> YOUR TASK:
Each entry that follows is to be duplicated exactly, without its images.

*** RECORDS FOR THIS TASK Section Begins ***

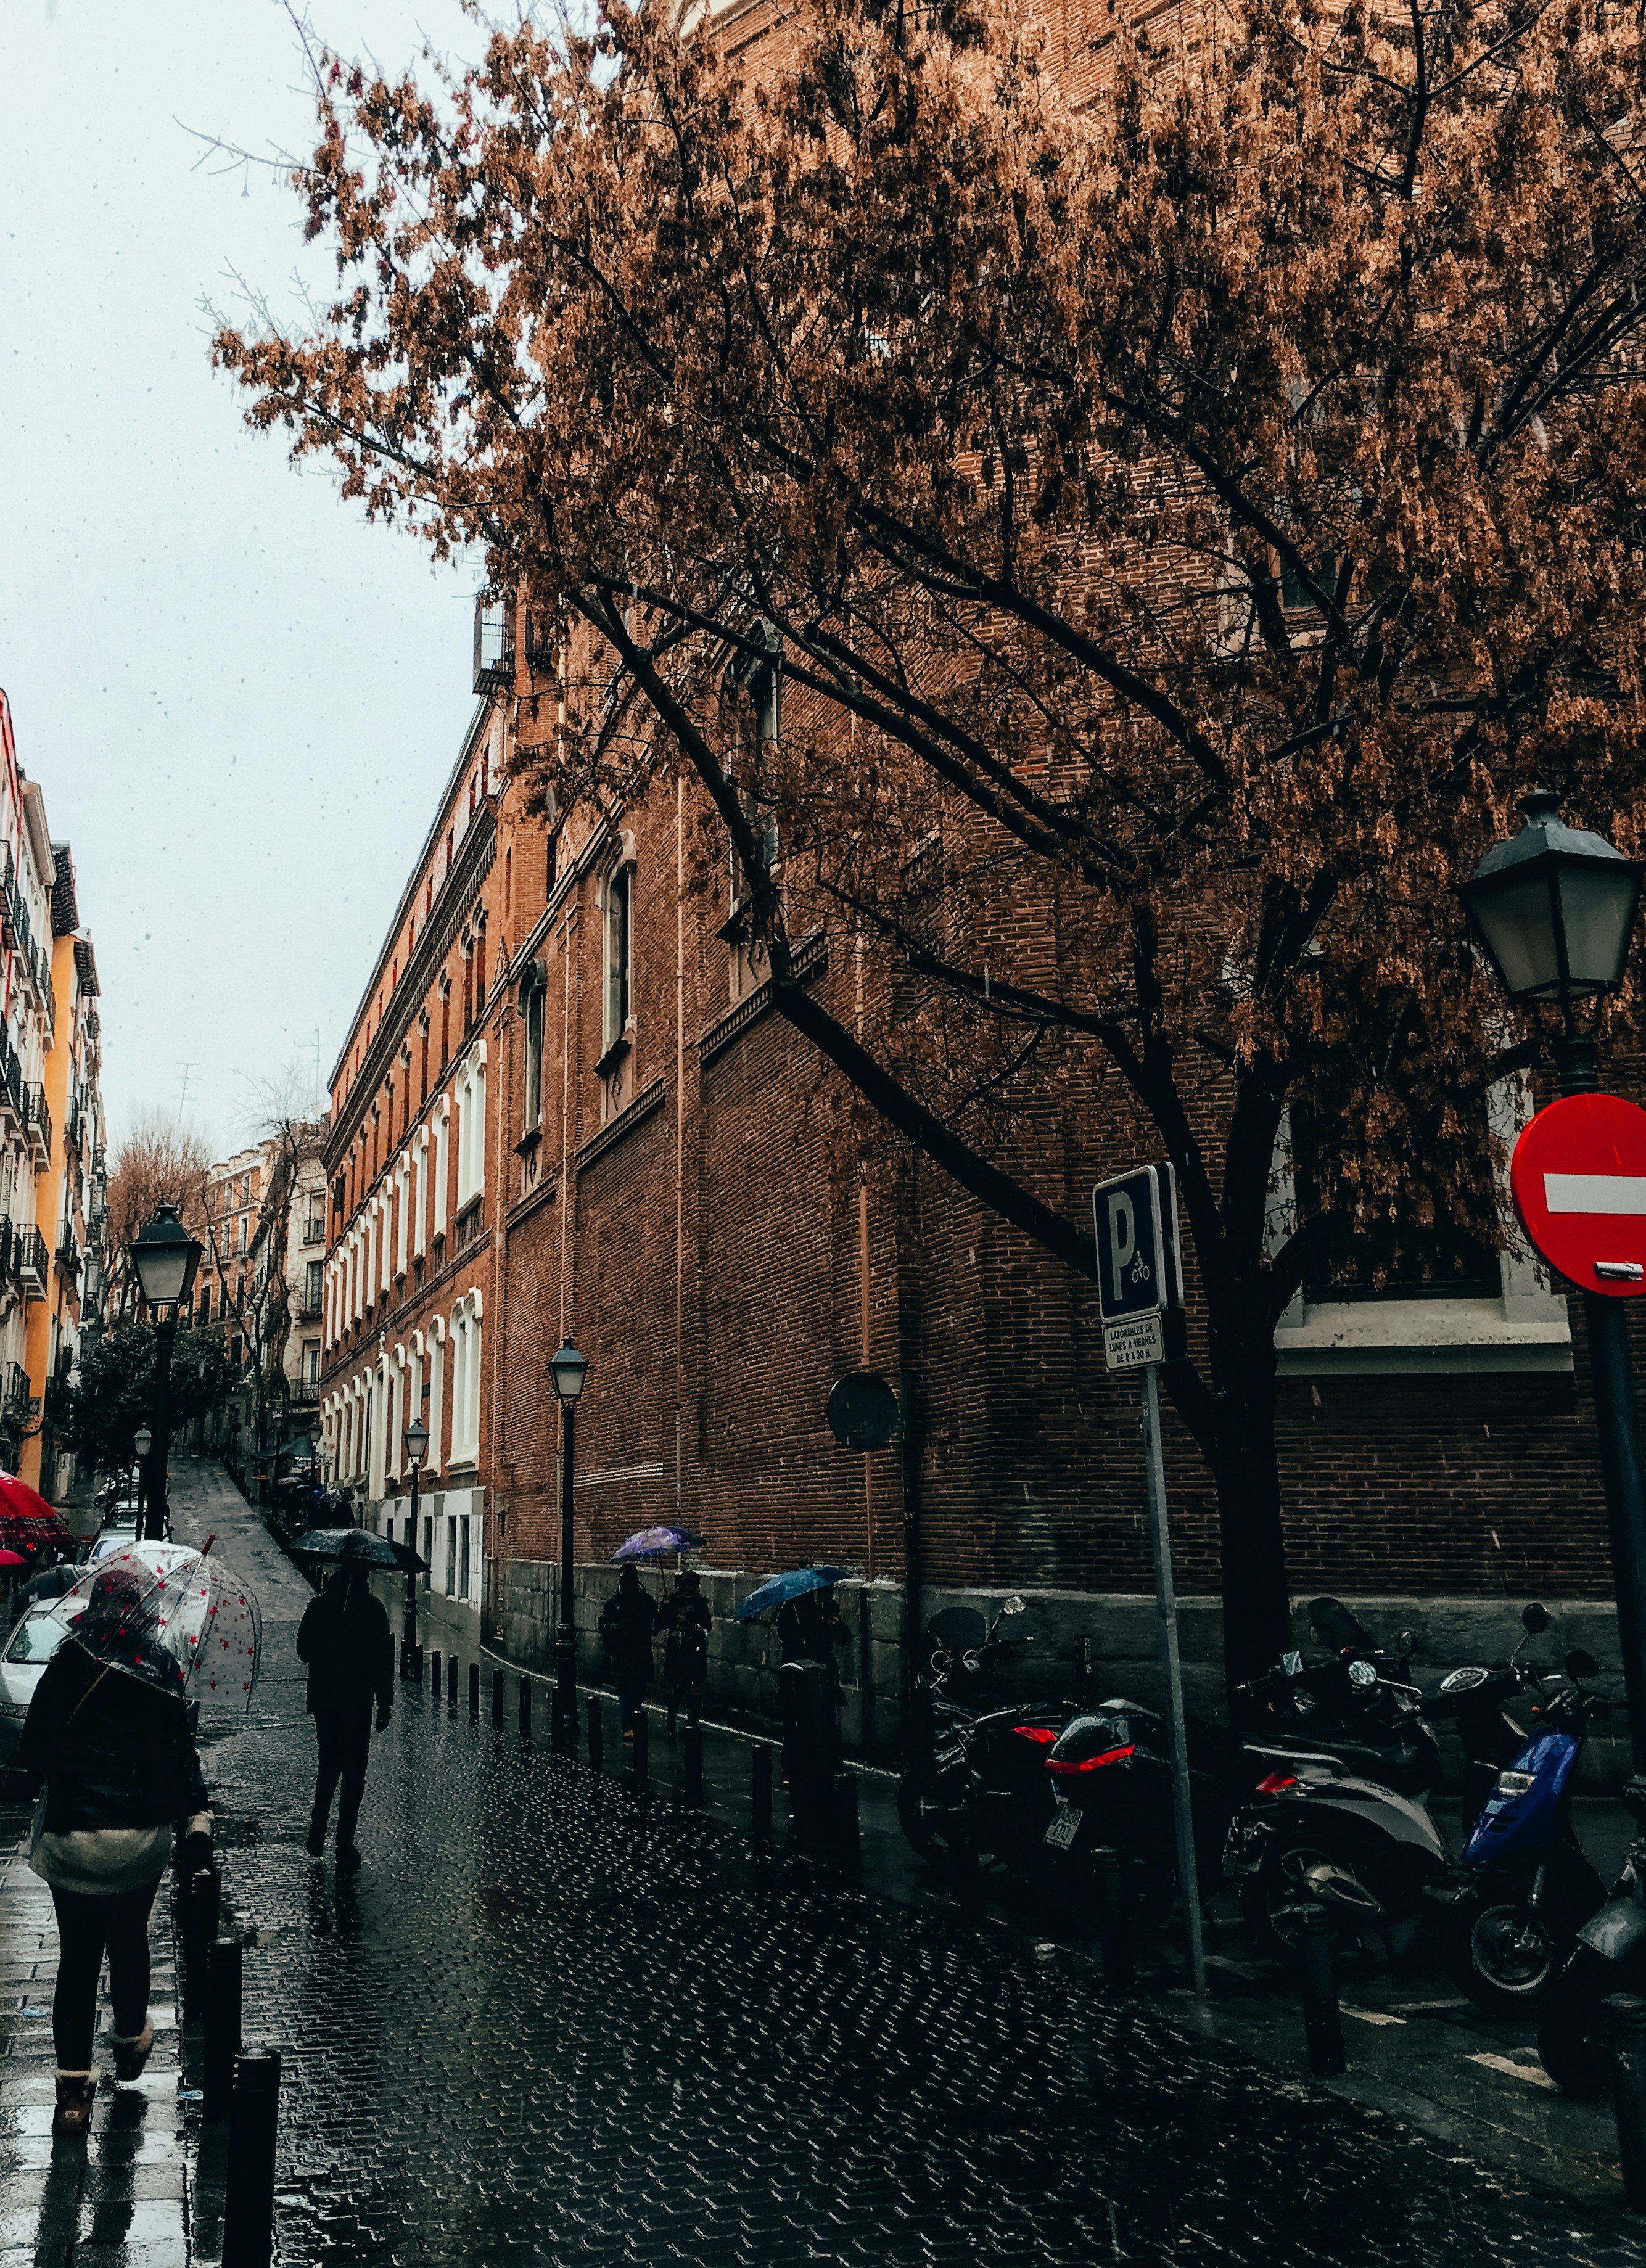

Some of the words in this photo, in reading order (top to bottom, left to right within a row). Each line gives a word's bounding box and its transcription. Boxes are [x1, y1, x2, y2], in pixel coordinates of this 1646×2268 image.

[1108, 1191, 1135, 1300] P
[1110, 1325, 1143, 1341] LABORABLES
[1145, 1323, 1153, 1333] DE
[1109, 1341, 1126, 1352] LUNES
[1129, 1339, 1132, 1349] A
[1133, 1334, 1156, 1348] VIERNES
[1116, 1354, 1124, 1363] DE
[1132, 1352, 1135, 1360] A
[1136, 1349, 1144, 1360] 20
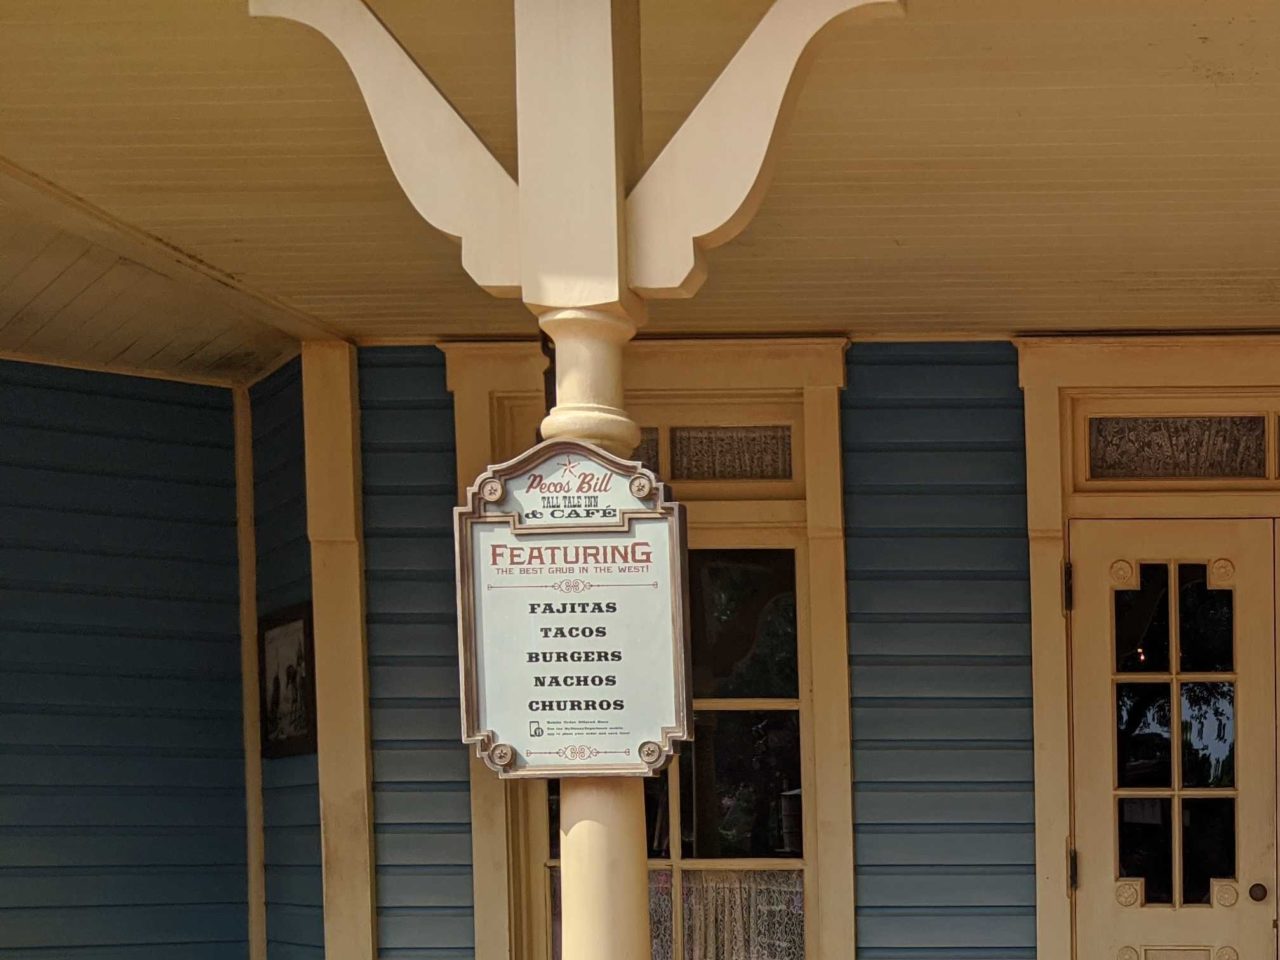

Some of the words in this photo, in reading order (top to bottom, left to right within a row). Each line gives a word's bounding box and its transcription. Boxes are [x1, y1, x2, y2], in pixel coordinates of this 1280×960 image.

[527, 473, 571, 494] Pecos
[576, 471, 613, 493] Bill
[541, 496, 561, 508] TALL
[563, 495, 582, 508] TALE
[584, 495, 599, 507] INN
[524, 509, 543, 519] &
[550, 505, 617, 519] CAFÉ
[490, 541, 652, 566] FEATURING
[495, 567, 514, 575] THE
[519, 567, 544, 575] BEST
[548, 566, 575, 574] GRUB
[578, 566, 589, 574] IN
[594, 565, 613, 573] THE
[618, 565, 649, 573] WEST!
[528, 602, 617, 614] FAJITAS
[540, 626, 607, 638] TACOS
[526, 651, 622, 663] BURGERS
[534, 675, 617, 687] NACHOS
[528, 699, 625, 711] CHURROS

*** RECORDS FOR THIS TASK Section Ends ***

> SOLUTION TO THIS EXERCISE:
Some of the words in this photo, in reading order (top to bottom, left to right within a row). Each line gives a word's bounding box and its transcription. Boxes are [x1, y1, x2, y2], in pixel coordinates of this 1646×2268 image.

[1108, 1191, 1135, 1300] P
[1110, 1325, 1143, 1341] LABORABLES
[1145, 1323, 1153, 1333] DE
[1109, 1341, 1126, 1352] LUNES
[1129, 1339, 1132, 1349] A
[1133, 1334, 1156, 1348] VIERNES
[1116, 1354, 1124, 1363] DE
[1132, 1352, 1135, 1360] A
[1136, 1349, 1144, 1360] 20

Some of the words in this photo, in reading order (top to bottom, left to right within a row). Each line gives a word's bounding box and its transcription. Boxes are [x1, y1, x2, y2], in pixel coordinates of this 1280×960 image.

[527, 473, 571, 494] Pecos
[576, 471, 613, 493] Bill
[541, 496, 561, 508] TALL
[563, 495, 582, 508] TALE
[584, 495, 599, 507] INN
[524, 509, 543, 519] &
[550, 505, 617, 519] CAFÉ
[490, 541, 652, 566] FEATURING
[495, 567, 514, 575] THE
[519, 567, 544, 575] BEST
[548, 566, 575, 574] GRUB
[578, 566, 589, 574] IN
[594, 565, 613, 573] THE
[618, 565, 649, 573] WEST!
[528, 602, 617, 614] FAJITAS
[540, 626, 607, 638] TACOS
[526, 651, 622, 663] BURGERS
[534, 675, 617, 687] NACHOS
[528, 699, 625, 711] CHURROS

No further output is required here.